Tú has conquistado, ¡oh, Galileo!; Julián el apóstata yace aplastado bajo tus pies. ¡Tú me has conquistado, oh Heine, tu humilde Nazareno ha vencido a la orgullosa Helena que lo ha desafiado, y aun ahora, en su momento de agonía, lo desafía para siempre! ¡Las coronas de vid de Dionisio se arrastran en el polvo; se ha estrellado en pedacitos y arrojado a los lobos, pero los vientos alzan sus trompetas y soplan vida a través del funeral del mundo!...
Ya no soy una rolliza Helena, plena de la alegría de la vida, que mira con una condescendiente sonrisa al humilde Nazareno. ¡Sólo soy un pobre judío, enfermo a punto de morir, una imagen extenuada de la miseria, un despreciable infeliz! Yo también soy un despreciable infeliz, querido Heine, pero ¿me reclamará Nazareno o Jehová porque la tumba se mantiene abierta? No, no: ¡donde hay tumbas hay también resurrecciones!
Aquellos que no traicionan a la “vida”, la “vida” nunca los traiciona.
10
Dios ha tornado tonta la sabiduría del mundo, dijo San Pablo. No ha sido Dios sino nuestra estupidez que ha transformado la cultura en anticultura, de modo que los modernos sofistas -los humanistas, los empiristas, los relativistas, los utilitarios y los individualistas- se encuentran en la misma luz de la mente cuyos vapores hierven en mi cerebro, una bruma púrpura que amenaza convertirse en una total oscuridad.
No puedo estar de acuerdo con el pensamiento de Epicuro: Aprende con tiempo a morir, o si prefieres, a superar a los dioses.
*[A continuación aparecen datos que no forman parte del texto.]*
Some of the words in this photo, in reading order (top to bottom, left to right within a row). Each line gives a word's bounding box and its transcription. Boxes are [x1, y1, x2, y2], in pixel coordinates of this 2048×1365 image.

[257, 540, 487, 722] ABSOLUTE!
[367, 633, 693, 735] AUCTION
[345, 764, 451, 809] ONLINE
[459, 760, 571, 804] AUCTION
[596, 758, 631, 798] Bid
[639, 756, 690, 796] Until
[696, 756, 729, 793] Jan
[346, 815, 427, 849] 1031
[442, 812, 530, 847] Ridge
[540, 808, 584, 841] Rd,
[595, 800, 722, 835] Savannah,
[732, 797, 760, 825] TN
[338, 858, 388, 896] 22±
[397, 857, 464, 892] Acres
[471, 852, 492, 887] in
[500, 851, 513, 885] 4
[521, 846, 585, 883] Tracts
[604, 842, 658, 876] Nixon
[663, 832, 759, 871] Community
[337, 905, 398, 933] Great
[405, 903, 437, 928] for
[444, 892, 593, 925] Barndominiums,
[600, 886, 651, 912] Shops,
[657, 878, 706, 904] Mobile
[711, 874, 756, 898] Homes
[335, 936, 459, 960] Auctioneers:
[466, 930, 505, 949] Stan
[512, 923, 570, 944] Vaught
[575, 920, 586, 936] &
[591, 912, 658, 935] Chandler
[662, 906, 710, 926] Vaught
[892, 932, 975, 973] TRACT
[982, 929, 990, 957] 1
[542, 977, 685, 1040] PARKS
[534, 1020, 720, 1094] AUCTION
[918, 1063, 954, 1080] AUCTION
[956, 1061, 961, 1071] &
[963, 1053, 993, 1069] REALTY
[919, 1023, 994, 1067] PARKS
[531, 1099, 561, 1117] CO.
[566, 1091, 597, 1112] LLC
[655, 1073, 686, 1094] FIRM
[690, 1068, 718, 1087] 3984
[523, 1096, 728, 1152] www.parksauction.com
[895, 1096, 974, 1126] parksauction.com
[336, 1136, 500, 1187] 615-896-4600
La elección de llegar a ser un dios o un cadáver, un superhombre o un puñado de polvo amargo, no es para mí. Tal razonamiento sofista es posible para Epicuro que tomaba sol en su exuberante jardín, pero no para mí que transpiro sangre y tormento en el jardín de Getsemaní y siento que mi mente y mi cuerpo se pudren mientras la cruz está preparada para mi crucifixión.
Tranquilidad de la mente y paz del espíritu, cuando el amor se ha fugado de mi corazón y un judío epiléptico, colocado en el centro de mi corazón, ríe estrepitosamente como un desenfrenado filisteo, mientras Sansón, enceguecido y atado a un pilar, brama su furia contra los que le atormentan. ¡Dios ha tornado tonta la sabiduría del mundo!... ¡Basta, basta, esta carcajada filistea debe cesar! ¡Destrozaré los pilares de la cordura y me precipitaré de cabeza en las ruinas!...
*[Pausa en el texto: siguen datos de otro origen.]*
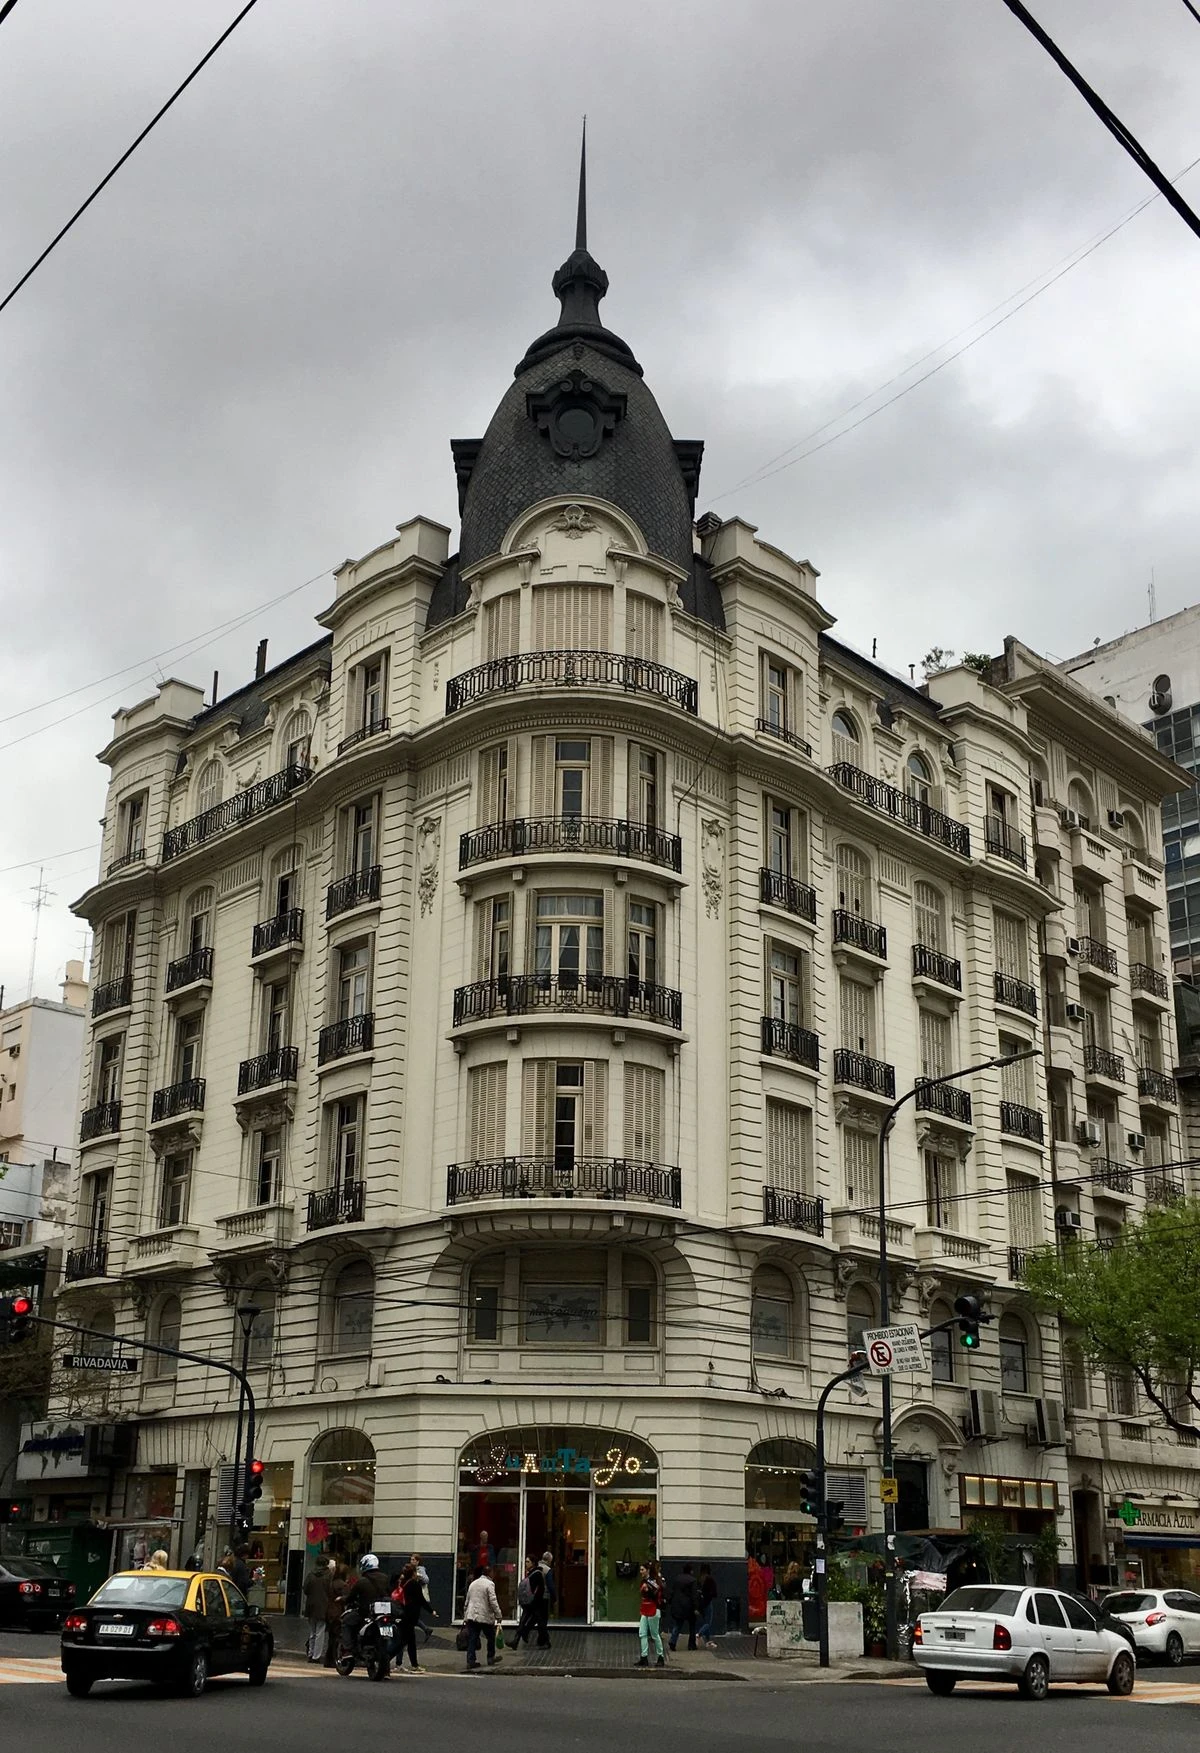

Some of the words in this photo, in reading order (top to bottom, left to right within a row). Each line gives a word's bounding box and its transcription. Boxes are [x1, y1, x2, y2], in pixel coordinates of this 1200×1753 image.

[867, 1330, 888, 1340] PROHIBIDO
[889, 1327, 914, 1338] ESTACIONAR
[72, 1356, 129, 1370] RIVADAVIA
[593, 1447, 640, 1486] Jo
[1134, 1511, 1172, 1528] ARMACIA
Dios ha tornado tonta la sabiduría del mundo. Ah, judío, tú has sabido cómo burlar al guerrero de la cultura, ya que habiendo perdido la fe en su causa, no puede más luchar. ¡Pero la muerte pone término a toda burla; de este lado de la tumba la risa debe cesar!
11
Puesto que muero, yo, Cayo César (5), también llamado Calígula, ordeno la muerte de Tiberio, que se arrogó la toa virilis y cuya muerte vicarial puede aliviar los sufrimientos de mis últimas horas sobre la tierra.
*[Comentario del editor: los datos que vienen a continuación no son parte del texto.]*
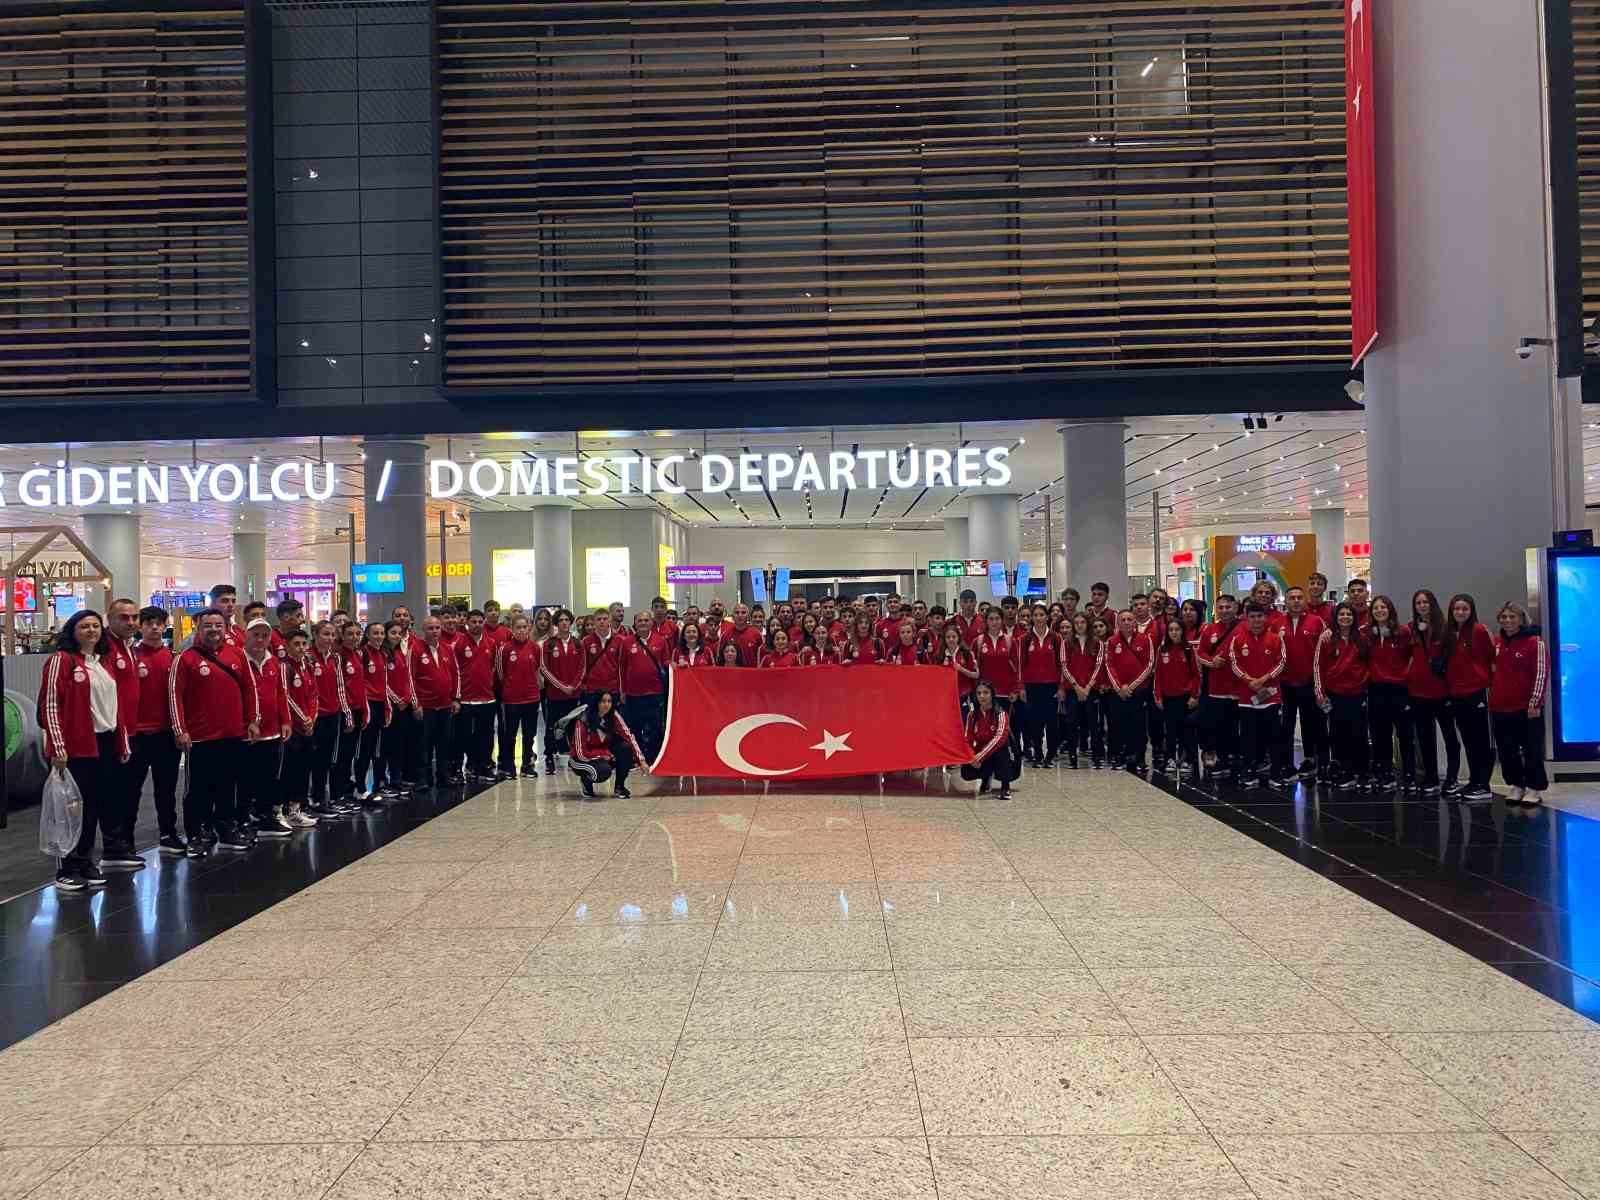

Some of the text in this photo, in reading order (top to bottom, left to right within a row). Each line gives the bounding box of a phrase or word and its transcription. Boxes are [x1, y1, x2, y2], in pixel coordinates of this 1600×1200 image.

[18, 460, 169, 506] GİDEN
[178, 462, 334, 502] YOLCU
[430, 455, 686, 498] DOMESTIC
[701, 446, 1012, 493] DEPARTURES
[1276, 543, 1296, 551] FIRST
Ordeno la muerte de Potitus, el plebeyo, que prometió morir en caso que yo recobre la salud, y ya que puedo curarme decreto que cumpla su juramento y sufra la pena de crucifixión.
Ordeno la deificación de mi hermana Dursila Elisabeth; que se erija de ella una efigie dorada en la casa del Senado, y que en el templo de Venus, en el Foro, se coloque una estatua de su figura de la misma medida que la de la Diosa, y se la honre con los mismos ritos.
Decreto también que se construye un altar en su honor, un templo con veinte sacerdotes, tanto hombres como mujeres, y se celebre el día de su cumpleaños un festival con los mismos honores otorgados a Ludi Megaleures.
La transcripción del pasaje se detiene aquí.